• **YOUR TASK**: The answer should be the lines from the one with "this 2000×1333 image." through the final line of the entries, restated word for word.

• **Dataset entries**:
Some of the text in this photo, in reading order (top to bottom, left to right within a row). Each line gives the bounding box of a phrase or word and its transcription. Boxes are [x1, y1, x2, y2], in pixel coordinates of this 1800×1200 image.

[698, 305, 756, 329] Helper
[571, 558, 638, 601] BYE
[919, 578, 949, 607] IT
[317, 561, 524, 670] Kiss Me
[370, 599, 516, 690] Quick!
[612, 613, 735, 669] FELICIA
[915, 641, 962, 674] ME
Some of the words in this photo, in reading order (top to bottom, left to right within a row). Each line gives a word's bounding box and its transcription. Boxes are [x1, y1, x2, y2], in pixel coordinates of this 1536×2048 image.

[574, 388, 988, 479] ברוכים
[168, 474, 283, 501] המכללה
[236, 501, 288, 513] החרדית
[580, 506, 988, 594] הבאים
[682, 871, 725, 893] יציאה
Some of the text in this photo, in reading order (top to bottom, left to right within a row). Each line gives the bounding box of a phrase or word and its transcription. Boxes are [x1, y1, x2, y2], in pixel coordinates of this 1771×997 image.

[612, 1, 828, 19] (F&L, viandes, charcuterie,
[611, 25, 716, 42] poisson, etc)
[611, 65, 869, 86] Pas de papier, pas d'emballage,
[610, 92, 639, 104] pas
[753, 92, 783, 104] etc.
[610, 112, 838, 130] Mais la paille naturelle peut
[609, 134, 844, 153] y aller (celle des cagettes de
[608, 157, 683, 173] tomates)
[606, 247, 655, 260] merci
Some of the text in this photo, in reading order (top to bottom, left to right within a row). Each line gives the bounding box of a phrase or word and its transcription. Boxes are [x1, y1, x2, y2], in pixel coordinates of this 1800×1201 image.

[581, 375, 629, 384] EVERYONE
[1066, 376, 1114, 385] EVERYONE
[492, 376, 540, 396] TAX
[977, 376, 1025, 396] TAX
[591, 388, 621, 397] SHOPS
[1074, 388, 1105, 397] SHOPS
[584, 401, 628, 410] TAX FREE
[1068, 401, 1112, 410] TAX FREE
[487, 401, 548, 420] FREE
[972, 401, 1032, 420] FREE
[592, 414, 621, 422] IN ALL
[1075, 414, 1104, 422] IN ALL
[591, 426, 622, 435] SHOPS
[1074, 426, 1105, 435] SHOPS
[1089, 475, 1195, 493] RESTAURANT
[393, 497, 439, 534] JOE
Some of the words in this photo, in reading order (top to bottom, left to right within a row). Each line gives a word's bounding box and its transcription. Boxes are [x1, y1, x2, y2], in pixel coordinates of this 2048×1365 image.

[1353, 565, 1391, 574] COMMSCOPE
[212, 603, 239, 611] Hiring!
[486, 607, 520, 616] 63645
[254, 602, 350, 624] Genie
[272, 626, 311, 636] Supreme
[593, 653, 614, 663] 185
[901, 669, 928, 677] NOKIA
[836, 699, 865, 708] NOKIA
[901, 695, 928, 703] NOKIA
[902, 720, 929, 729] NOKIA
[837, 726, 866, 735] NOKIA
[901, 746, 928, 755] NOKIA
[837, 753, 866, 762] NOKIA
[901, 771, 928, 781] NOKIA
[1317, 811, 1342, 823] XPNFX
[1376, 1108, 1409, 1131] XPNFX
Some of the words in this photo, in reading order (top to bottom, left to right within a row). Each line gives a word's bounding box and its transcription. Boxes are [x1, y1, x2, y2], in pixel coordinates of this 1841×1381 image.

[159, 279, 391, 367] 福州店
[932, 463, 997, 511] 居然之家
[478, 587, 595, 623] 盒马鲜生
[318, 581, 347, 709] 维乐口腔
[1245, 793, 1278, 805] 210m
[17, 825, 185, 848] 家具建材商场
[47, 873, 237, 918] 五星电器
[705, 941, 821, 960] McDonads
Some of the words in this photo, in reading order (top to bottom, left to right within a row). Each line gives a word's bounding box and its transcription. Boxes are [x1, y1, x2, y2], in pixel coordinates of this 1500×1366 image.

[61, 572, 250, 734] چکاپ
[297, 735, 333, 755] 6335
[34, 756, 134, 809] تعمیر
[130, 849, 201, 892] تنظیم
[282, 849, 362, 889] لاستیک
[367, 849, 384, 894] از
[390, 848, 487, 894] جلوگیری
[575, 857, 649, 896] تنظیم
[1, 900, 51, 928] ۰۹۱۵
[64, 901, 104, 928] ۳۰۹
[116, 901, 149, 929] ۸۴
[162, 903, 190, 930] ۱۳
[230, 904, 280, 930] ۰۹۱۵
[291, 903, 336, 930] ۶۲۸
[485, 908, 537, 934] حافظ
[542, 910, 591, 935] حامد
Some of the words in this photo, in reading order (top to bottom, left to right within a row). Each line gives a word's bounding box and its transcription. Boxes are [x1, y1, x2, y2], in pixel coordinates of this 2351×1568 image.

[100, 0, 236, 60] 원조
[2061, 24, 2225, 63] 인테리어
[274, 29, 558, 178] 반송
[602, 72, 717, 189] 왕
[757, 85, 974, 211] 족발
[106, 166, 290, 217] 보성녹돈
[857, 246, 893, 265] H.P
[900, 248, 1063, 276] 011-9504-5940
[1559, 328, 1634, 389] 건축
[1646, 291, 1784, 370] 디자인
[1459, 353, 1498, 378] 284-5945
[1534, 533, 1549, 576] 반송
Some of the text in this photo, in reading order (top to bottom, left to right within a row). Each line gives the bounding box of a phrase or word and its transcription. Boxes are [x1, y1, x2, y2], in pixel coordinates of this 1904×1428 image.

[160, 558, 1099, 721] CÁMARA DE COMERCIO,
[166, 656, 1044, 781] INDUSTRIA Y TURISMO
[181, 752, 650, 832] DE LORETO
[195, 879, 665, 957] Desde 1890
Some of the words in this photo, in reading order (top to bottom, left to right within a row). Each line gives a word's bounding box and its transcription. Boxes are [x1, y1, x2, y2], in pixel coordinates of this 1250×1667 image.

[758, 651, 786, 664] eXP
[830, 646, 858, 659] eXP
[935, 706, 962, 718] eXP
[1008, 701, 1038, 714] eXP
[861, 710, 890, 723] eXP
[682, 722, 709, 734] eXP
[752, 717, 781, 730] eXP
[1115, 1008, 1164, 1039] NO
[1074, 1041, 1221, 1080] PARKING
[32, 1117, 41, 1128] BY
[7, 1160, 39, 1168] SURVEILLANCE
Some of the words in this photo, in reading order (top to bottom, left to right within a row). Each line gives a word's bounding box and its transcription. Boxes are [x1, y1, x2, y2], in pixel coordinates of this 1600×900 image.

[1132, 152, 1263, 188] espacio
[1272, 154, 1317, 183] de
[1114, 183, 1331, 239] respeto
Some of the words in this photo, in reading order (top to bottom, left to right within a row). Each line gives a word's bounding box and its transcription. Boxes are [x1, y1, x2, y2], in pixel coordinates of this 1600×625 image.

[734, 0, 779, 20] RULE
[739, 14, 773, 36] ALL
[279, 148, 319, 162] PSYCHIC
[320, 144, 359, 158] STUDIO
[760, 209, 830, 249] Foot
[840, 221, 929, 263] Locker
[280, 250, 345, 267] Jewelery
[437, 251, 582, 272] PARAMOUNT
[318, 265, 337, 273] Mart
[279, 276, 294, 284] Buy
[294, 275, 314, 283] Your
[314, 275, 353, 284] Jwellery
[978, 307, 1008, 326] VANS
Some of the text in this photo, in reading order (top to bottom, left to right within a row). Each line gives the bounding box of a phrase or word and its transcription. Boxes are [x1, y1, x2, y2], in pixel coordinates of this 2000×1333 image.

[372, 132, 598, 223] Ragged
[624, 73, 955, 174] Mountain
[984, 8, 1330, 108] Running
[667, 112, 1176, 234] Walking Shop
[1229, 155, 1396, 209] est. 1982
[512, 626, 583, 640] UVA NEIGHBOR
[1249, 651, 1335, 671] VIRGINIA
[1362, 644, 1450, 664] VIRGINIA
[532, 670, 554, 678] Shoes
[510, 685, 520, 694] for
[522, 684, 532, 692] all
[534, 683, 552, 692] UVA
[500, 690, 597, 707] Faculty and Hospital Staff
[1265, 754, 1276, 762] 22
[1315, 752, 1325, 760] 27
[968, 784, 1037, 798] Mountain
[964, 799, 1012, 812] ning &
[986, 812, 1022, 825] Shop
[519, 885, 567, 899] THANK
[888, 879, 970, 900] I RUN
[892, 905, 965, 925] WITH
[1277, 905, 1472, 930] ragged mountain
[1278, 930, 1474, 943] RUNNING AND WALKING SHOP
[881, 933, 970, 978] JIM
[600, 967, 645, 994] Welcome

• **WRITTEN RESPONSE**:
Some of the text in this photo, in reading order (top to bottom, left to right within a row). Each line gives the bounding box of a phrase or word and its transcription. Boxes are [x1, y1, x2, y2], in pixel coordinates of this 2000×1333 image.

[372, 132, 598, 223] Ragged
[624, 73, 955, 174] Mountain
[984, 8, 1330, 108] Running
[667, 112, 1176, 234] Walking Shop
[1229, 155, 1396, 209] est. 1982
[512, 626, 583, 640] UVA NEIGHBOR
[1249, 651, 1335, 671] VIRGINIA
[1362, 644, 1450, 664] VIRGINIA
[532, 670, 554, 678] Shoes
[510, 685, 520, 694] for
[522, 684, 532, 692] all
[534, 683, 552, 692] UVA
[500, 690, 597, 707] Faculty and Hospital Staff
[1265, 754, 1276, 762] 22
[1315, 752, 1325, 760] 27
[968, 784, 1037, 798] Mountain
[964, 799, 1012, 812] ning &
[986, 812, 1022, 825] Shop
[519, 885, 567, 899] THANK
[888, 879, 970, 900] I RUN
[892, 905, 965, 925] WITH
[1277, 905, 1472, 930] ragged mountain
[1278, 930, 1474, 943] RUNNING AND WALKING SHOP
[881, 933, 970, 978] JIM
[600, 967, 645, 994] Welcome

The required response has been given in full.